Your answer must match the records word for word and contain no pictures.

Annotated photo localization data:
^^^^^^^^^^^^^^^^
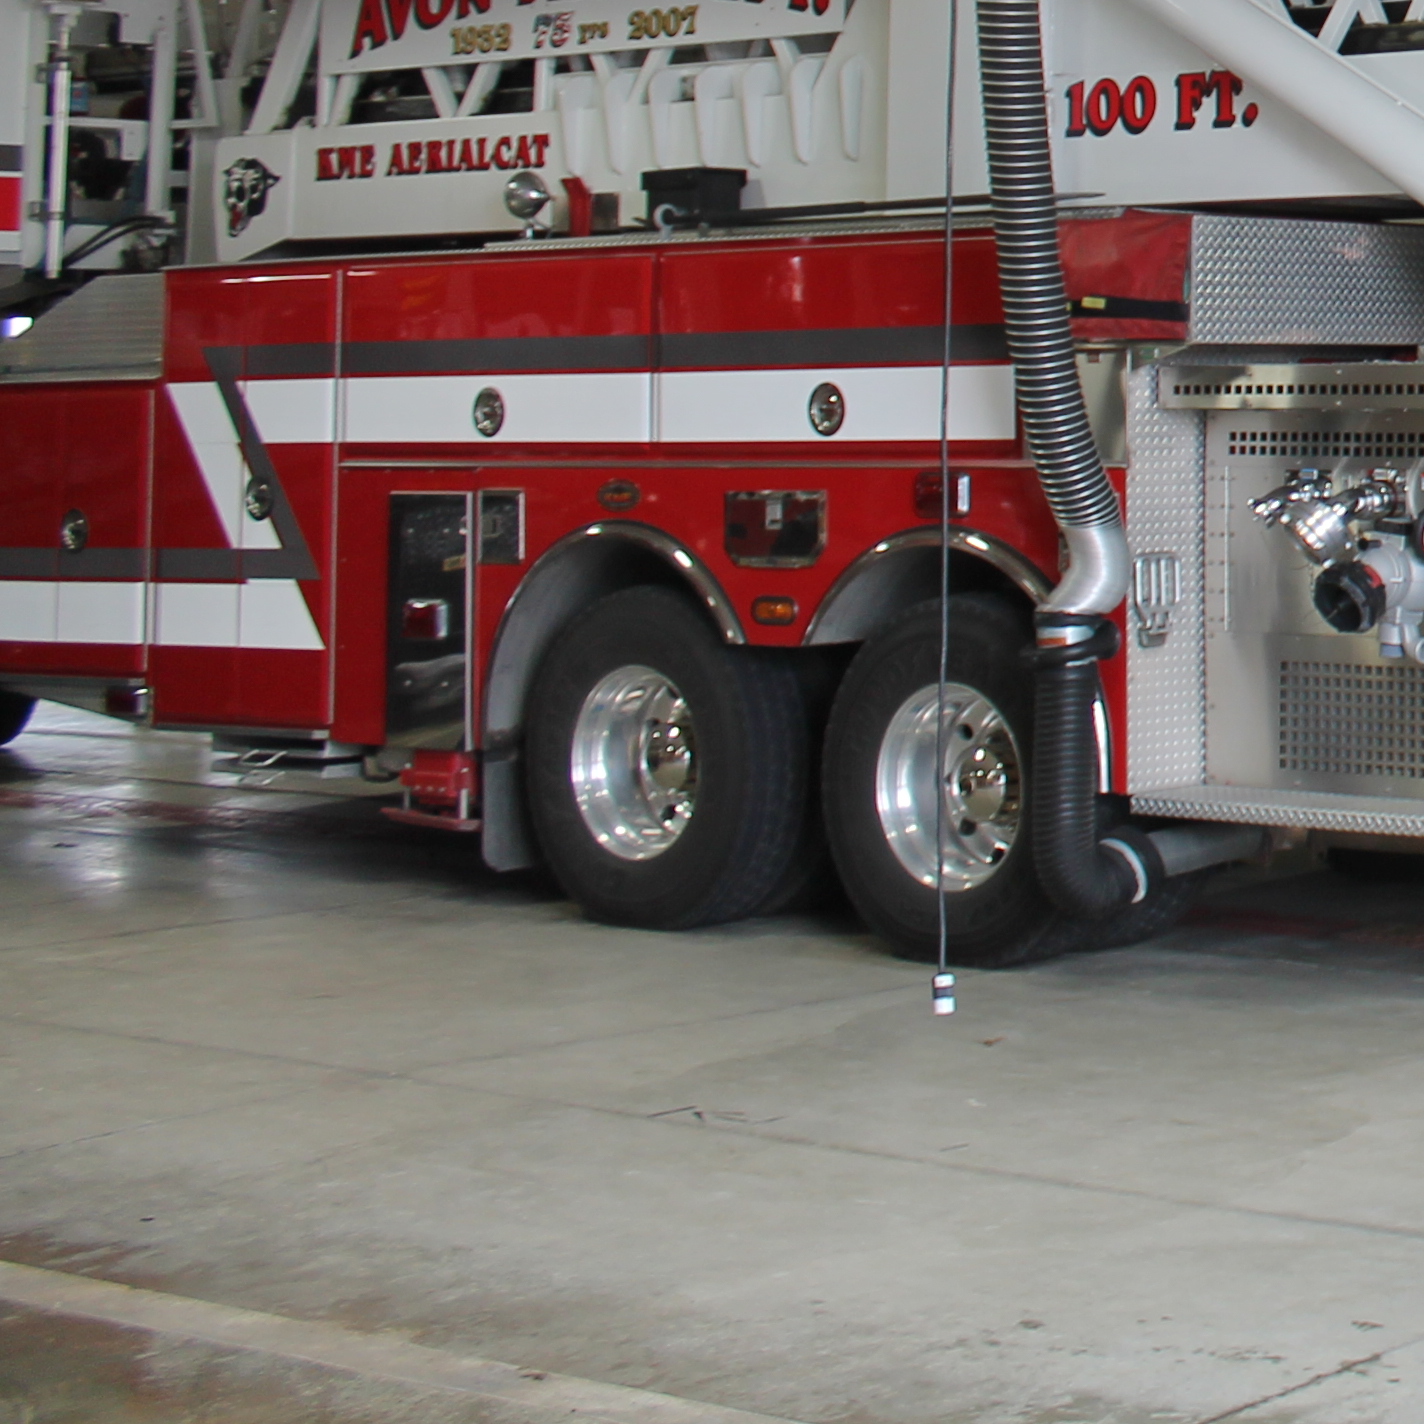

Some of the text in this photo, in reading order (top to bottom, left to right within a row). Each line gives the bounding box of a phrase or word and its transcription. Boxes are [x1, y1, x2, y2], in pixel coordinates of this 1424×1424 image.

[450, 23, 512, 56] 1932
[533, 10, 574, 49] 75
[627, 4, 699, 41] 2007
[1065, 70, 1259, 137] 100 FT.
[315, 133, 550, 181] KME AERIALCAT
^^^^^^^^^^^^^^^^
— ANSWER FOR THE TASK —
Some of the text in this photo, in reading order (top to bottom, left to right within a row). Each line gives the bounding box of a phrase or word and its transcription. Boxes are [x1, y1, x2, y2], in pixel coordinates of this 1424×1424 image.

[450, 23, 512, 56] 1932
[533, 10, 574, 49] 75
[627, 4, 699, 41] 2007
[1065, 70, 1259, 137] 100 FT.
[315, 133, 550, 181] KME AERIALCAT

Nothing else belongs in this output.